### INSTRUCTIONS FOR THE TASK
Exactly the lines from the one containing "this 2560×1441 image." through the final line of the data are to be written out again, with nothing added.
:::
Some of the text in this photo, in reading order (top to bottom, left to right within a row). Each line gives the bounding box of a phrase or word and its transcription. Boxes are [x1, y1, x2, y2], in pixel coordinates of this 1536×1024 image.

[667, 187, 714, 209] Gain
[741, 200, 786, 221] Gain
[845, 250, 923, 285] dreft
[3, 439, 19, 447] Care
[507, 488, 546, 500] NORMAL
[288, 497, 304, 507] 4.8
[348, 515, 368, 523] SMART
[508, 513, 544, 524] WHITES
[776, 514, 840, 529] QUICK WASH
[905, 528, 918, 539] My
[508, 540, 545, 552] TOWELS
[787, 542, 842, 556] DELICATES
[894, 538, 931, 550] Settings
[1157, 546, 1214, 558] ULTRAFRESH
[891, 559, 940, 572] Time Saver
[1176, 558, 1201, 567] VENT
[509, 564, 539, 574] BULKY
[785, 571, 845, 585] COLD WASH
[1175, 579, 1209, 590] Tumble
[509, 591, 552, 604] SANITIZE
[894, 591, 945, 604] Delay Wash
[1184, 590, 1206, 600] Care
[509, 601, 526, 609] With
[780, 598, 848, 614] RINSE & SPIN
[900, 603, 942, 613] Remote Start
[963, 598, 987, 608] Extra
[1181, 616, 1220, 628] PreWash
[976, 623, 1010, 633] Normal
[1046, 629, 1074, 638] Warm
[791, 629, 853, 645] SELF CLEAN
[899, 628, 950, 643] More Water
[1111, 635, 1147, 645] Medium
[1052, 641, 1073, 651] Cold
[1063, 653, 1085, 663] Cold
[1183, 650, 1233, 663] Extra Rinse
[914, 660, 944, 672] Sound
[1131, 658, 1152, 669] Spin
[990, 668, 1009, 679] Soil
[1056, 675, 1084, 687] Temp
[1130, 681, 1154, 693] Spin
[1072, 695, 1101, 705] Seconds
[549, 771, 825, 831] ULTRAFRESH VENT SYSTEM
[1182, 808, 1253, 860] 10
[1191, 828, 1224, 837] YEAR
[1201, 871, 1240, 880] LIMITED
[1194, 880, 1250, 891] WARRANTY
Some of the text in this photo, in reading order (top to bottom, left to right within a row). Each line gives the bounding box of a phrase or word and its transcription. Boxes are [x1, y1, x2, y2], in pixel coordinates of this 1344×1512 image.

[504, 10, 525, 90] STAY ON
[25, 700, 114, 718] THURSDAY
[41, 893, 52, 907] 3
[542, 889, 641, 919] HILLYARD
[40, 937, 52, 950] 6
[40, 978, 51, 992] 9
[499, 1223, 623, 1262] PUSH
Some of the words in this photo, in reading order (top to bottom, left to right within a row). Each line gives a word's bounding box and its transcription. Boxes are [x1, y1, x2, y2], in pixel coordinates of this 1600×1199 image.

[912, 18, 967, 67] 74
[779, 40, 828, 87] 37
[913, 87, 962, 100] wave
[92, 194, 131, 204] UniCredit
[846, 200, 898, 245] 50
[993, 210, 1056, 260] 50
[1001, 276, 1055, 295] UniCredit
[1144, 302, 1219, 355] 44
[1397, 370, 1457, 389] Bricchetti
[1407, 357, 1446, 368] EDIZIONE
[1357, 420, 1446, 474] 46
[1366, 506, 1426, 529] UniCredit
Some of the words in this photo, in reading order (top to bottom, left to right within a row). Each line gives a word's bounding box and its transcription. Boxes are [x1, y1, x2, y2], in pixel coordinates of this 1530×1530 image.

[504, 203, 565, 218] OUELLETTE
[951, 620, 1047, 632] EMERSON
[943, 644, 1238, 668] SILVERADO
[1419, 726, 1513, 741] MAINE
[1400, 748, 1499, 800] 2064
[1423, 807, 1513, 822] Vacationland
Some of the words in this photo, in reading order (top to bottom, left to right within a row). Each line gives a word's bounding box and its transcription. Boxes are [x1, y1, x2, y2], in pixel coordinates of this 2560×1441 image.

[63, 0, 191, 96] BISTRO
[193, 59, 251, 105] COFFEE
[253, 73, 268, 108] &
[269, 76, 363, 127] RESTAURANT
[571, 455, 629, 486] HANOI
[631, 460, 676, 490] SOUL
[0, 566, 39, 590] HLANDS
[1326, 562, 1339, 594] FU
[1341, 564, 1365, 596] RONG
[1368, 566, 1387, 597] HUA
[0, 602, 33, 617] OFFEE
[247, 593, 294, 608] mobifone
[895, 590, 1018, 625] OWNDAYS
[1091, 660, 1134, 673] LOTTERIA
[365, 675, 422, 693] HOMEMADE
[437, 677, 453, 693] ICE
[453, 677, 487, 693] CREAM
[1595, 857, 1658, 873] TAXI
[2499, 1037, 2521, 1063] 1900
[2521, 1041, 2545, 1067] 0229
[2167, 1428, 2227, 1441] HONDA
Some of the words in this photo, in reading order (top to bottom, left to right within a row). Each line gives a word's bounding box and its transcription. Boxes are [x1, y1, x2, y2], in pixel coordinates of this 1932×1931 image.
:::
### RESPONSE AREA
Some of the words in this photo, in reading order (top to bottom, left to right within a row). Each line gives a word's bounding box and its transcription. Boxes are [x1, y1, x2, y2], in pixel coordinates of this 2560×1441 image.

[63, 0, 191, 96] BISTRO
[193, 59, 251, 105] COFFEE
[253, 73, 268, 108] &
[269, 76, 363, 127] RESTAURANT
[571, 455, 629, 486] HANOI
[631, 460, 676, 490] SOUL
[0, 566, 39, 590] HLANDS
[1326, 562, 1339, 594] FU
[1341, 564, 1365, 596] RONG
[1368, 566, 1387, 597] HUA
[0, 602, 33, 617] OFFEE
[247, 593, 294, 608] mobifone
[895, 590, 1018, 625] OWNDAYS
[1091, 660, 1134, 673] LOTTERIA
[365, 675, 422, 693] HOMEMADE
[437, 677, 453, 693] ICE
[453, 677, 487, 693] CREAM
[1595, 857, 1658, 873] TAXI
[2499, 1037, 2521, 1063] 1900
[2521, 1041, 2545, 1067] 0229
[2167, 1428, 2227, 1441] HONDA
Some of the words in this photo, in reading order (top to bottom, left to right within a row). Each line gives a word's bounding box and its transcription. Boxes are [x1, y1, x2, y2], in pixel coordinates of this 1932×1931 image.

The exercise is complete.